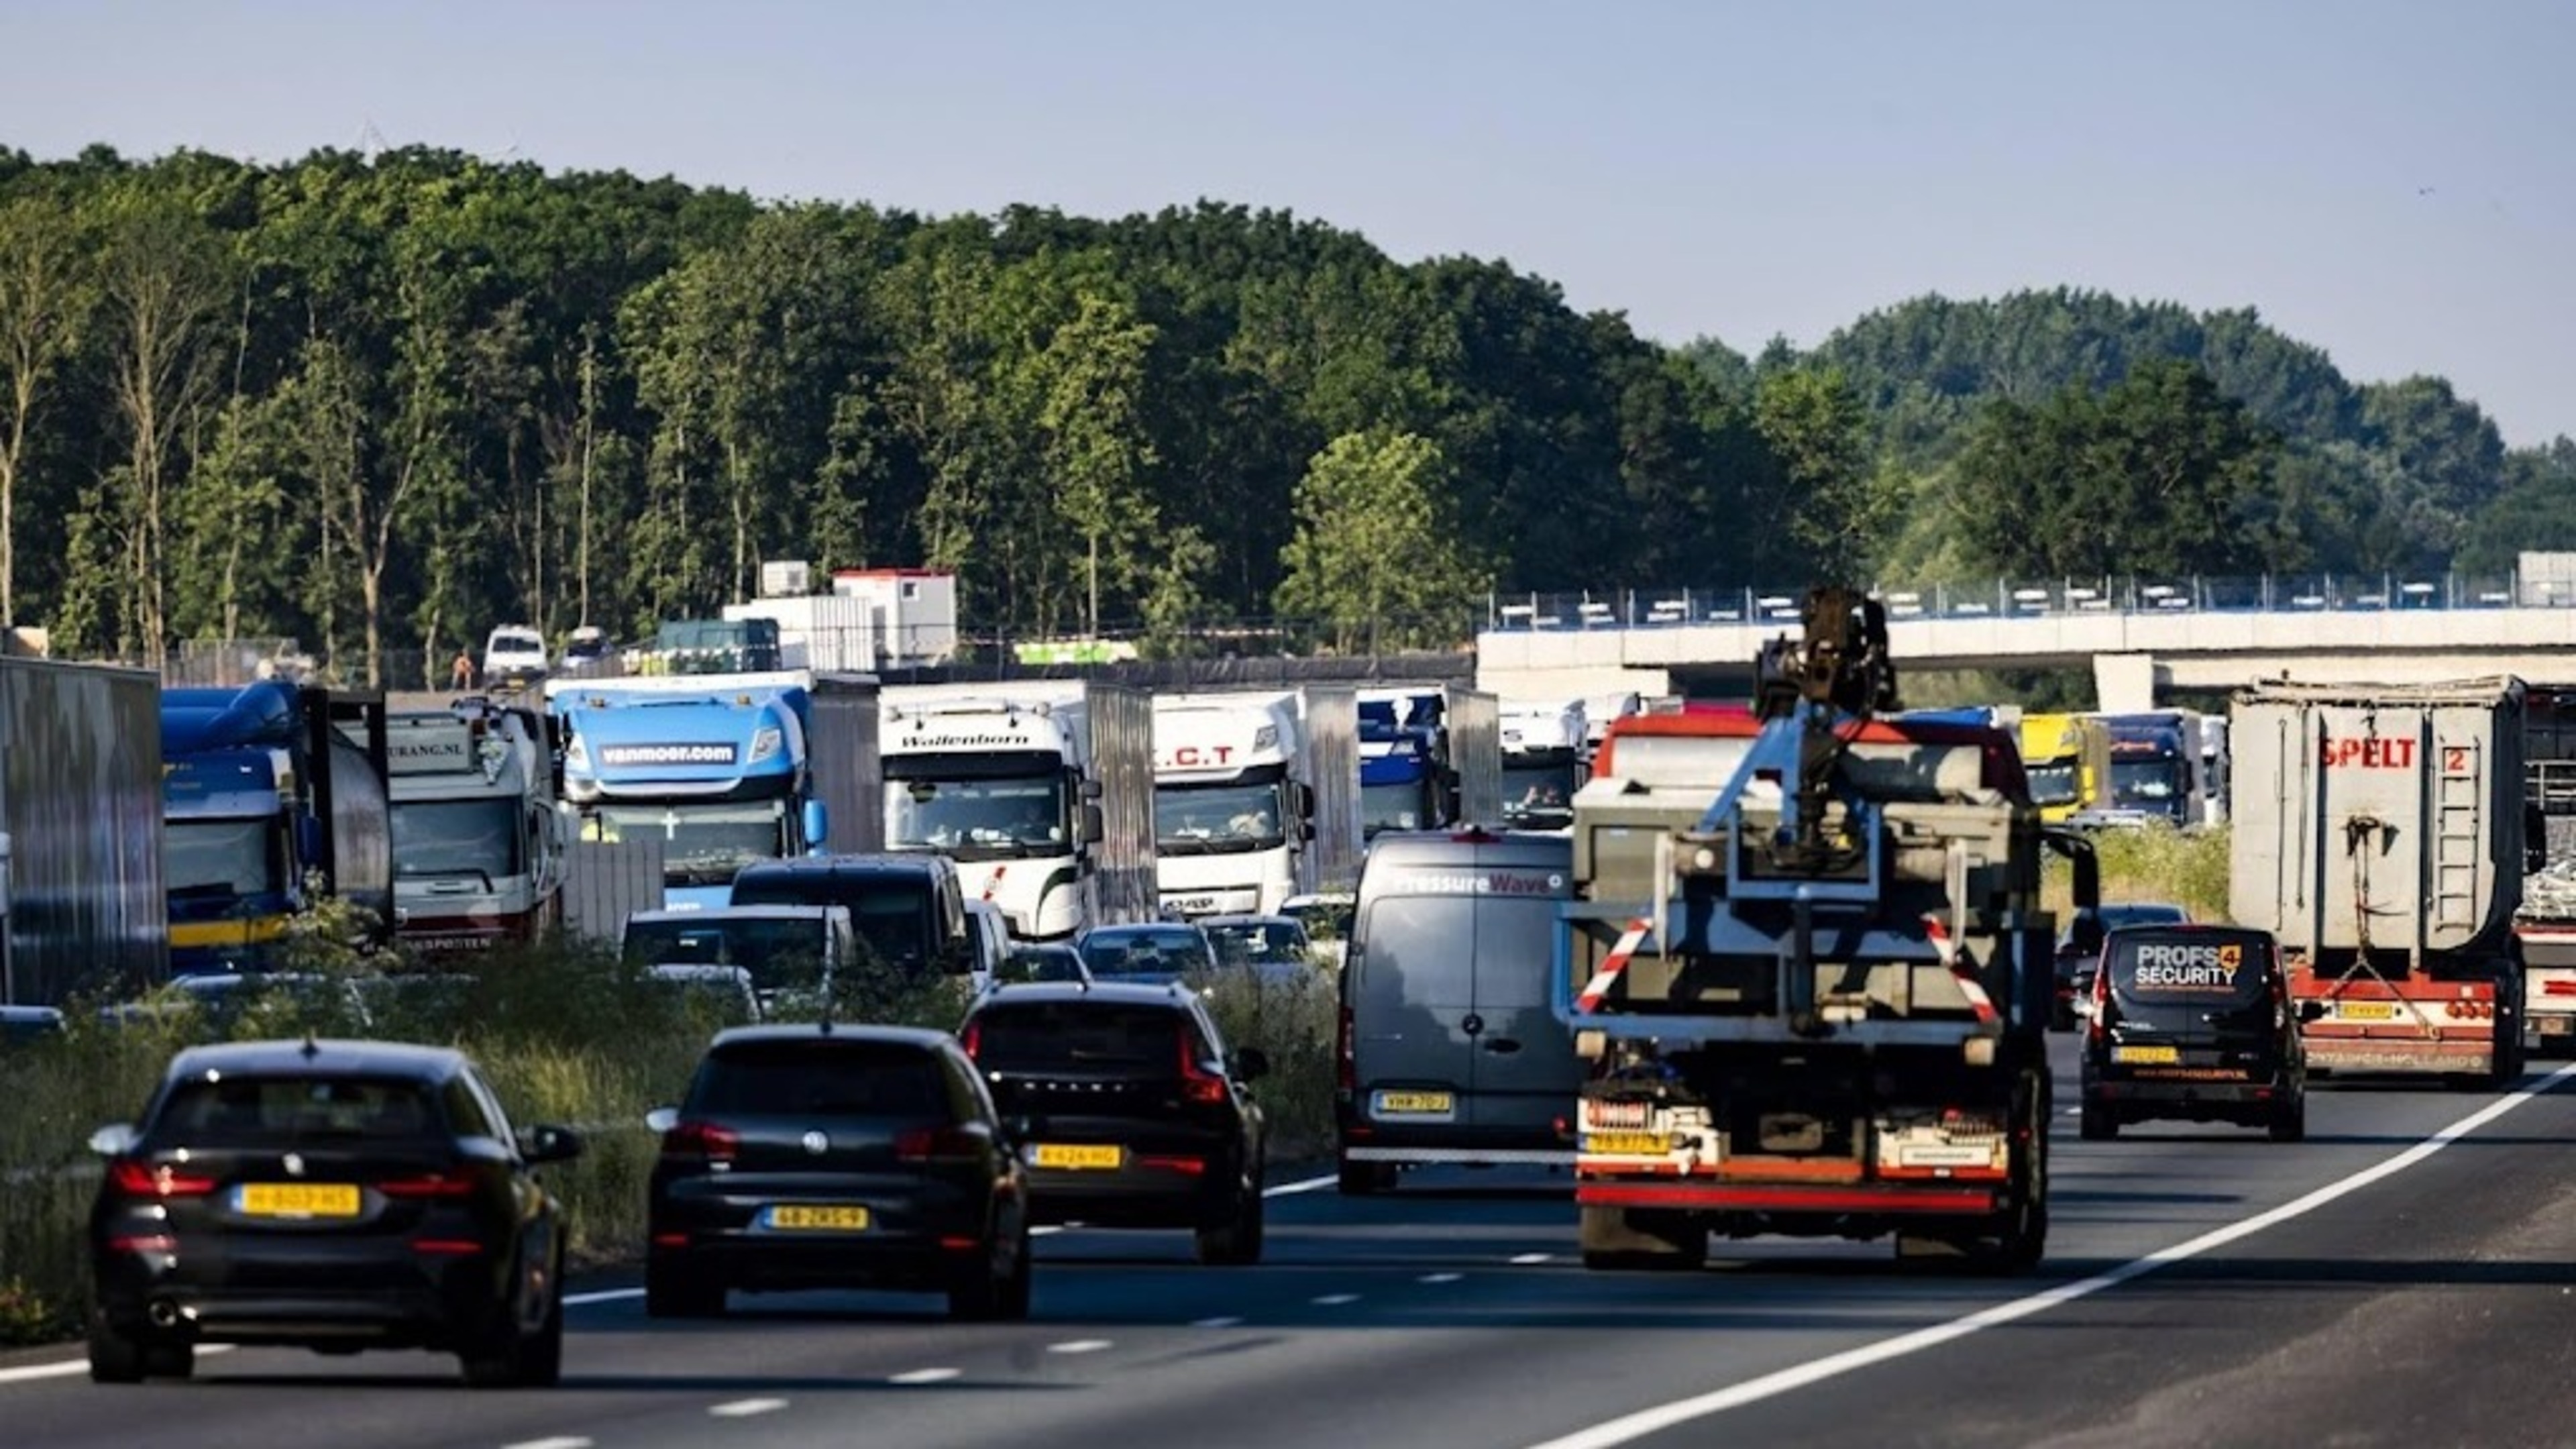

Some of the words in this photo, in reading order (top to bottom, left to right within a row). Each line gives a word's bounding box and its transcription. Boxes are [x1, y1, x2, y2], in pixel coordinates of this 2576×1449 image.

[903, 735, 1028, 748] Wallenborn
[603, 746, 733, 763] vanmoer.com
[1152, 746, 1233, 765] .C.T
[2322, 739, 2415, 768] SPELT
[2448, 749, 2465, 771] 2
[2135, 967, 2237, 984] SECURITY
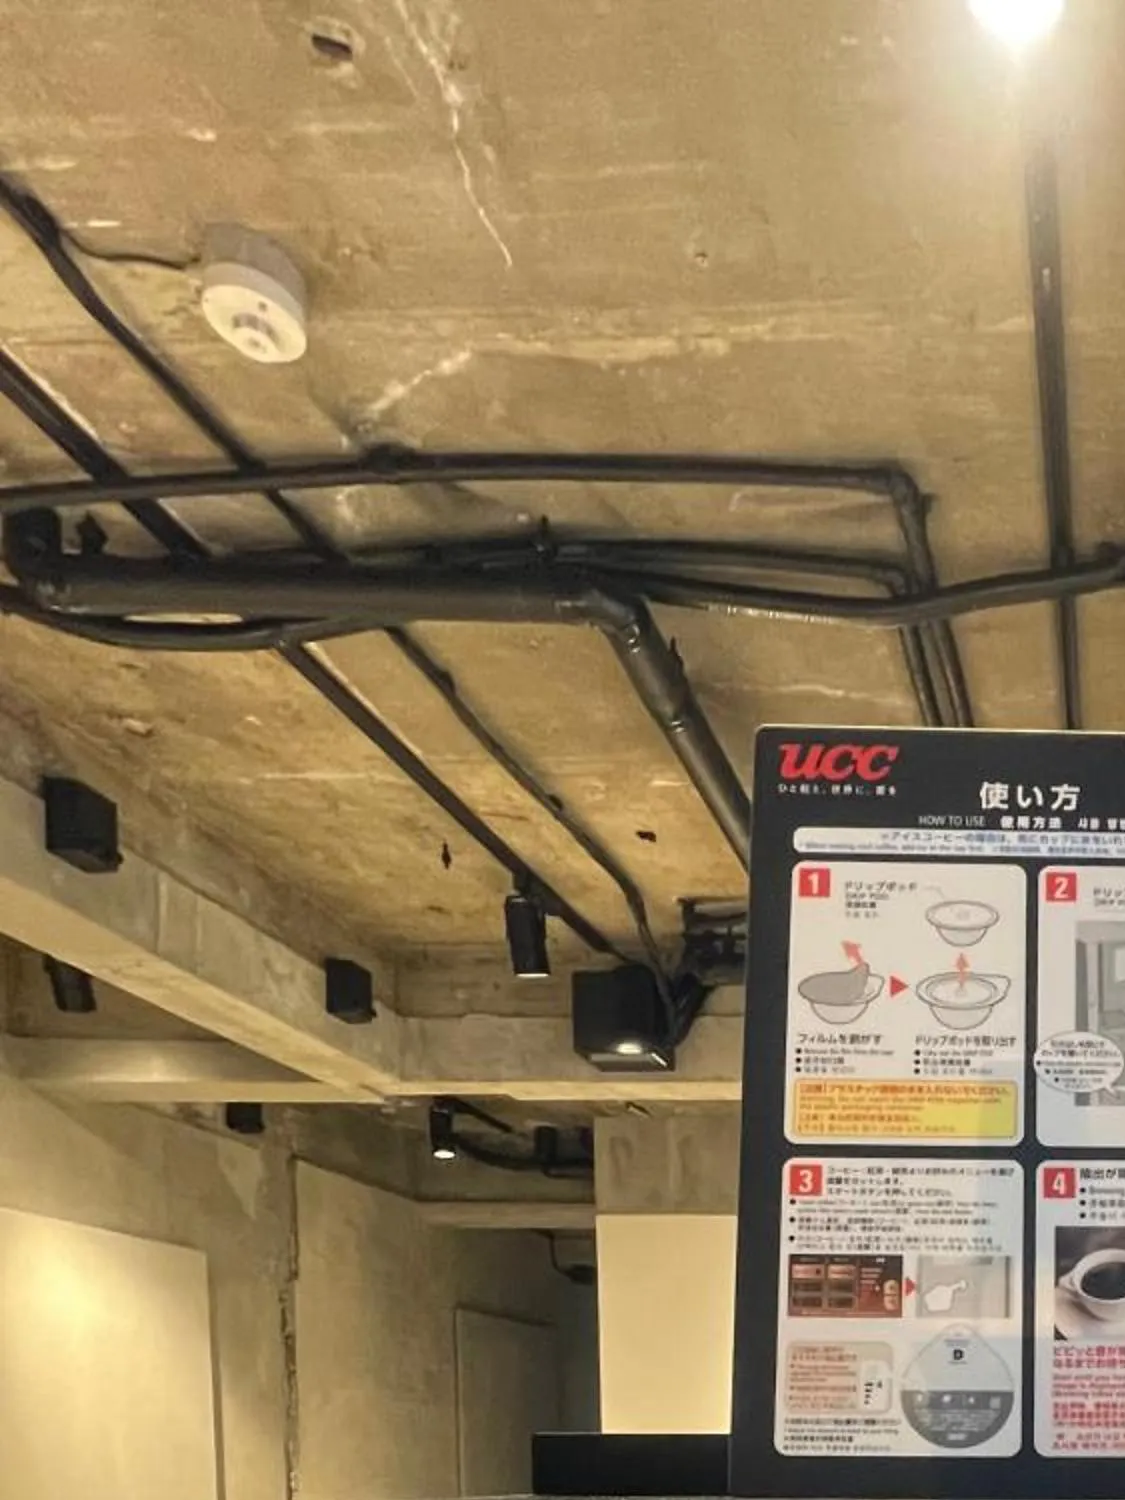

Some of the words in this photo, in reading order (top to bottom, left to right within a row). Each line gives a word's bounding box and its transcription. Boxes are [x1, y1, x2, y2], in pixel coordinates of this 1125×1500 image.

[979, 780, 1081, 811] 使い方
[918, 815, 945, 825] HOW
[949, 815, 963, 826] TO
[965, 816, 985, 826] USE
[806, 872, 821, 894] 1
[1053, 876, 1069, 899] 2
[798, 1168, 813, 1193] 3
[1051, 1171, 1066, 1196] 4

Exercise objective:
All lines from the one with "this 1125×1500 image." through the final line of the listing above are to be restated word for word; the lines before it are left out.

Completed exercise:
Some of the words in this photo, in reading order (top to bottom, left to right within a row). Each line gives a word's bounding box and its transcription. Boxes are [x1, y1, x2, y2], in pixel coordinates of this 1125×1500 image.

[979, 780, 1081, 811] 使い方
[918, 815, 945, 825] HOW
[949, 815, 963, 826] TO
[965, 816, 985, 826] USE
[806, 872, 821, 894] 1
[1053, 876, 1069, 899] 2
[798, 1168, 813, 1193] 3
[1051, 1171, 1066, 1196] 4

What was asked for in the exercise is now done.